Task item =
Each record that follows is to be reproduced verbatim.

─── Data for analysis

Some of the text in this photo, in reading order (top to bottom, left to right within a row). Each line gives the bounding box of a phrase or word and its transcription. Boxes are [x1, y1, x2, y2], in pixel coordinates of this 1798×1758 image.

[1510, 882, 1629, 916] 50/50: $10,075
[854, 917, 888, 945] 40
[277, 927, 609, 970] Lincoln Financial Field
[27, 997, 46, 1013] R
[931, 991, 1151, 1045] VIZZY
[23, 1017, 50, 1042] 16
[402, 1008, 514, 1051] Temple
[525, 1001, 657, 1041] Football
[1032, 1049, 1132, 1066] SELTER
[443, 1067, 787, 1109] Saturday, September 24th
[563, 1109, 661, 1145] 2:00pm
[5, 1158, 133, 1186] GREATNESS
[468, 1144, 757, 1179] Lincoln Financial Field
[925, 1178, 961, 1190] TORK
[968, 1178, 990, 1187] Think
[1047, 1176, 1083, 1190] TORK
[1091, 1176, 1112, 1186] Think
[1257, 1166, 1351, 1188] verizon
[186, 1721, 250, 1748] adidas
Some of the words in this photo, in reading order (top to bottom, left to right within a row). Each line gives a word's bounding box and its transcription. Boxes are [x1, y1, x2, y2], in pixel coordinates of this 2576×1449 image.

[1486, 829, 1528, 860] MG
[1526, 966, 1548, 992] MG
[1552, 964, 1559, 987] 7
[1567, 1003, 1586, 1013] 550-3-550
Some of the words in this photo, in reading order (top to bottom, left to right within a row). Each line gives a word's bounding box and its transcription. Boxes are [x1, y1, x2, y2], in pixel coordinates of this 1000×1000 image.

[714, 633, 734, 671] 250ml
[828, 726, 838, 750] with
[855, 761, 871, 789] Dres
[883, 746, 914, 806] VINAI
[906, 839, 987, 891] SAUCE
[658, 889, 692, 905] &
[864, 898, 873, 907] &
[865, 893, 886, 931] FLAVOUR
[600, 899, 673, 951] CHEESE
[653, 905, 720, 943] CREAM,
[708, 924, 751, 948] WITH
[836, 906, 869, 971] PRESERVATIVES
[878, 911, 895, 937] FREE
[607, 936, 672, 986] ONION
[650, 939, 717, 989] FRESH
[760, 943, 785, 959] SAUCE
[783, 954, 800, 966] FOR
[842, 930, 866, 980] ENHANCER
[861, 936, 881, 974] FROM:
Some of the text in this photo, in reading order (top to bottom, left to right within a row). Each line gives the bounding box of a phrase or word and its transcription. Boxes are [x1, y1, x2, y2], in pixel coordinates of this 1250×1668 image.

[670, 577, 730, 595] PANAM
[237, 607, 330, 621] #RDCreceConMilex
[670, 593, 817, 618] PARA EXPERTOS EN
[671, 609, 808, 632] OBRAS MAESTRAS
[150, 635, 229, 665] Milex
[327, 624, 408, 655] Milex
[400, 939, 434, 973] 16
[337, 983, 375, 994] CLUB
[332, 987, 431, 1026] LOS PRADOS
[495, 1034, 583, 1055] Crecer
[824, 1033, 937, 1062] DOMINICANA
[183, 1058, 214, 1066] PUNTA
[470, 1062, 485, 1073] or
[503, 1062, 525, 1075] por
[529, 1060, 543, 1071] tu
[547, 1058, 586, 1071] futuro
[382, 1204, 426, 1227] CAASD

──────

Answer to this task =
Some of the text in this photo, in reading order (top to bottom, left to right within a row). Each line gives the bounding box of a phrase or word and its transcription. Boxes are [x1, y1, x2, y2], in pixel coordinates of this 1798×1758 image.

[1510, 882, 1629, 916] 50/50: $10,075
[854, 917, 888, 945] 40
[277, 927, 609, 970] Lincoln Financial Field
[27, 997, 46, 1013] R
[931, 991, 1151, 1045] VIZZY
[23, 1017, 50, 1042] 16
[402, 1008, 514, 1051] Temple
[525, 1001, 657, 1041] Football
[1032, 1049, 1132, 1066] SELTER
[443, 1067, 787, 1109] Saturday, September 24th
[563, 1109, 661, 1145] 2:00pm
[5, 1158, 133, 1186] GREATNESS
[468, 1144, 757, 1179] Lincoln Financial Field
[925, 1178, 961, 1190] TORK
[968, 1178, 990, 1187] Think
[1047, 1176, 1083, 1190] TORK
[1091, 1176, 1112, 1186] Think
[1257, 1166, 1351, 1188] verizon
[186, 1721, 250, 1748] adidas
Some of the words in this photo, in reading order (top to bottom, left to right within a row). Each line gives a word's bounding box and its transcription. Boxes are [x1, y1, x2, y2], in pixel coordinates of this 2576×1449 image.

[1486, 829, 1528, 860] MG
[1526, 966, 1548, 992] MG
[1552, 964, 1559, 987] 7
[1567, 1003, 1586, 1013] 550-3-550
Some of the words in this photo, in reading order (top to bottom, left to right within a row). Each line gives a word's bounding box and its transcription. Boxes are [x1, y1, x2, y2], in pixel coordinates of this 1000×1000 image.

[714, 633, 734, 671] 250ml
[828, 726, 838, 750] with
[855, 761, 871, 789] Dres
[883, 746, 914, 806] VINAI
[906, 839, 987, 891] SAUCE
[658, 889, 692, 905] &
[864, 898, 873, 907] &
[865, 893, 886, 931] FLAVOUR
[600, 899, 673, 951] CHEESE
[653, 905, 720, 943] CREAM,
[708, 924, 751, 948] WITH
[836, 906, 869, 971] PRESERVATIVES
[878, 911, 895, 937] FREE
[607, 936, 672, 986] ONION
[650, 939, 717, 989] FRESH
[760, 943, 785, 959] SAUCE
[783, 954, 800, 966] FOR
[842, 930, 866, 980] ENHANCER
[861, 936, 881, 974] FROM:
Some of the text in this photo, in reading order (top to bottom, left to right within a row). Each line gives the bounding box of a phrase or word and its transcription. Boxes are [x1, y1, x2, y2], in pixel coordinates of this 1250×1668 image.

[670, 577, 730, 595] PANAM
[237, 607, 330, 621] #RDCreceConMilex
[670, 593, 817, 618] PARA EXPERTOS EN
[671, 609, 808, 632] OBRAS MAESTRAS
[150, 635, 229, 665] Milex
[327, 624, 408, 655] Milex
[400, 939, 434, 973] 16
[337, 983, 375, 994] CLUB
[332, 987, 431, 1026] LOS PRADOS
[495, 1034, 583, 1055] Crecer
[824, 1033, 937, 1062] DOMINICANA
[183, 1058, 214, 1066] PUNTA
[470, 1062, 485, 1073] or
[503, 1062, 525, 1075] por
[529, 1060, 543, 1071] tu
[547, 1058, 586, 1071] futuro
[382, 1204, 426, 1227] CAASD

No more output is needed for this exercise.